Carajás: dilema do desenvolvimento sustentável
Fonte: Forum Carajás
Encravada no coração da floresta amazônica, a maior mina de ferro a céu aberto do mundo não criou a riqueza e qualidade de vida esperadas
O buraco é tão largo e fundo que, de longe, os caminhões parecem formigas. Pequeninos, são pontinhos andando de um lado para o outro em fila, passando carregados de forma ordenada, ininterrupta. De perto, são monstros de 6,5 metros de altura, mais de 8 metros de largura e 13 metros de comprimento. Só a roda tem 3 metros, praticamente a altura de dois fuscas, um em cima do outro. Bem vindo a Carajás, a cratera gigante tida como maior mina de ferro a céu aberto do planeta.

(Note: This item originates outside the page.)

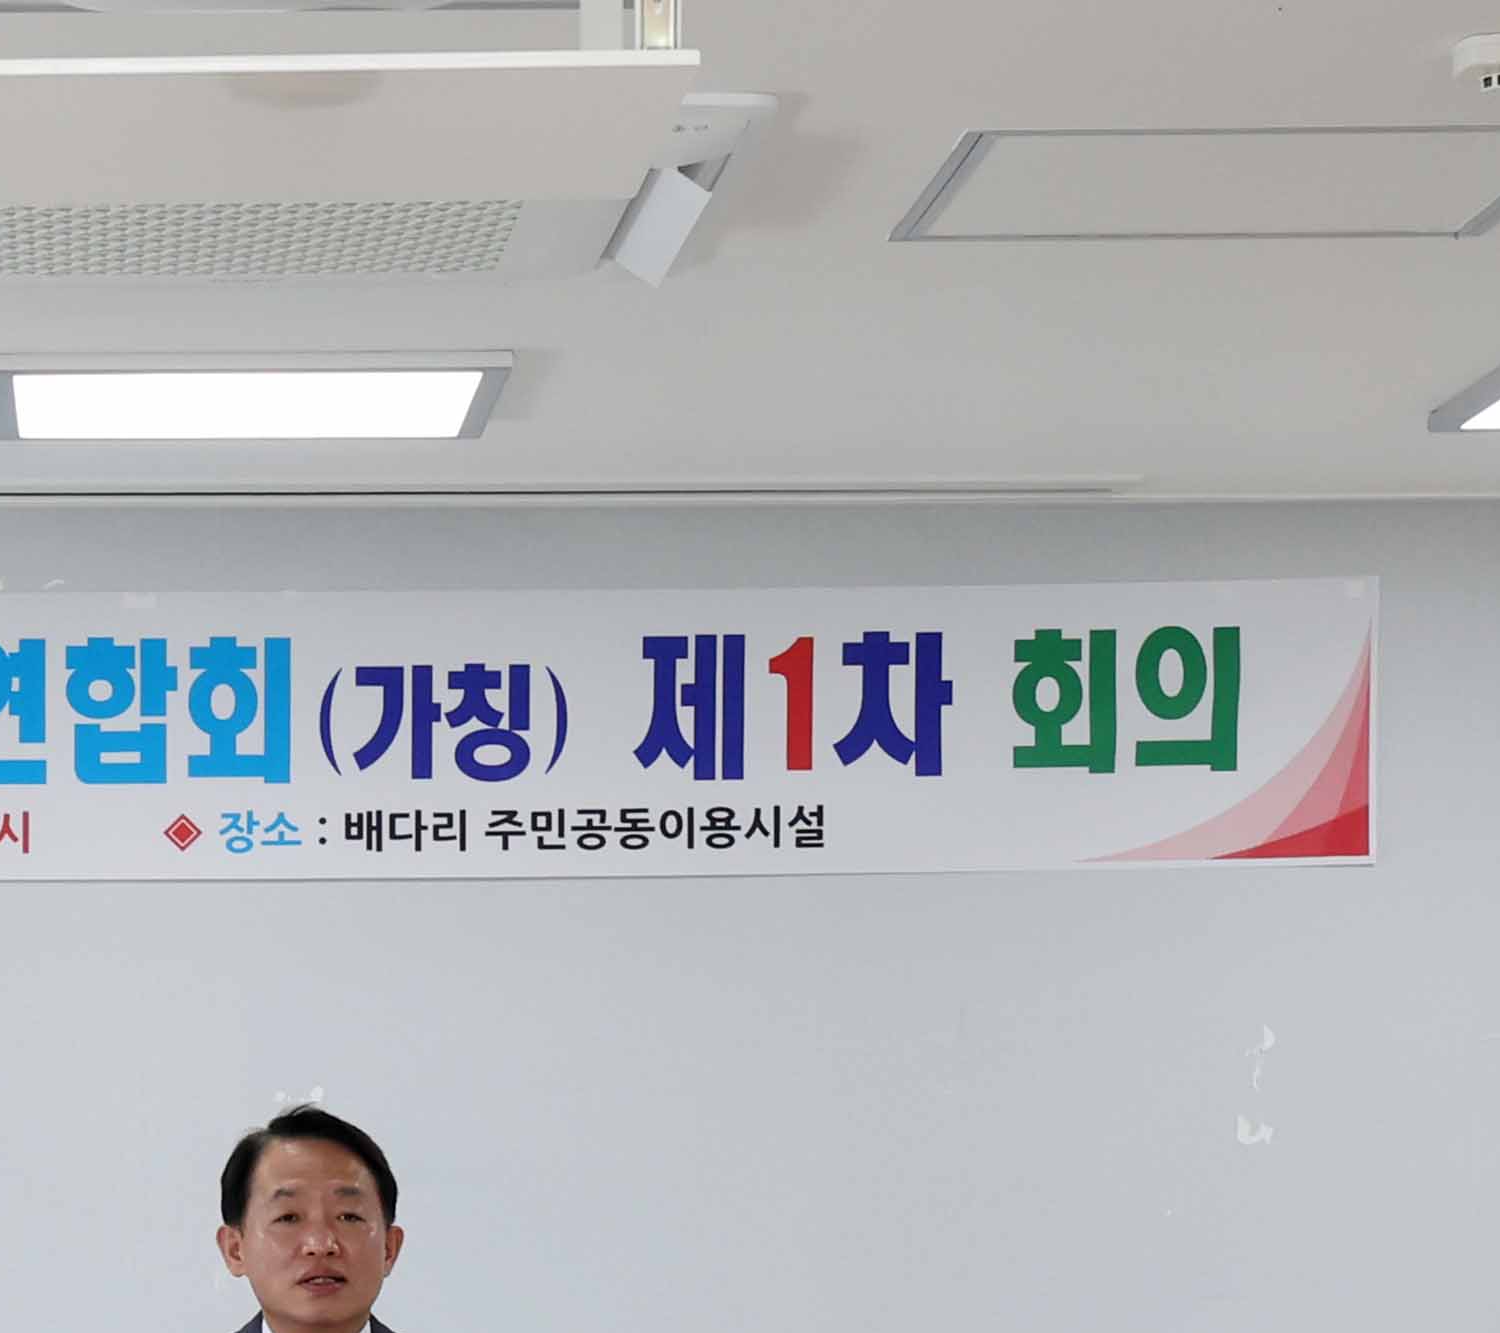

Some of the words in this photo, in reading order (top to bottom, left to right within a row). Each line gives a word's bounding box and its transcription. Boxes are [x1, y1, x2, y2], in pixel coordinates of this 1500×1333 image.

Os caminhões, que parecem formigas de longe, tem rodas de 3 metros, praticamente a altura de dois fuscas, um sobre o outro
O principal pólo de extração de minério de ferro do Brasil fica dentro da Floresta Nacional de Carajás, no sudeste do Pará. Trata-se de um projeto de escavação comandado pela empresa Vale bem no meio de uma área preservada de 411 mil hectares. Para chegar até ao ponto em que é possível avistar as escavações é necessário percorrer mais de 35 km de mata, uma das poucas da floresta amazônica que ainda resiste à destruição provocada pelo avanço da pecuária e de madeireiras na região. A reserva fica localizada bem no Arco do Desmatamento, fronteira assim chamada devido à velocidade com que a derrubada de árvores vem acontecendo. Ao redor da Floresta Nacional de Carajás, a paisagem é uma constante de fornos de carvoarias, troncos derrubados empilhados e pastos selvagens.
Não que a paisagem do alto do ponto de observação da lavra N5, uma das cinco abertas em Carajás, seja bonita. No coração da reserva, as árvores dão lugar a um chão de cascalho tom ferrugem que esfarela na mão. Ao redor, montanhas de terra e ferro empilhados, em tons que variam entre preto, vermelho, marrom e amarelo. O cenário é surreal. Os tais caminhões, cada um com capacidade para transportar 240 toneladas, não param. Literalmente. Até de noite, iluminados por holofotes alimentados por energia solar durante o dia, os operadores mantém o ritmo de extração. Um movimento constante para alimentar a exportação de minério de ferro do Brasil para América do Norte, Ásia, Europa e Oriente Médio.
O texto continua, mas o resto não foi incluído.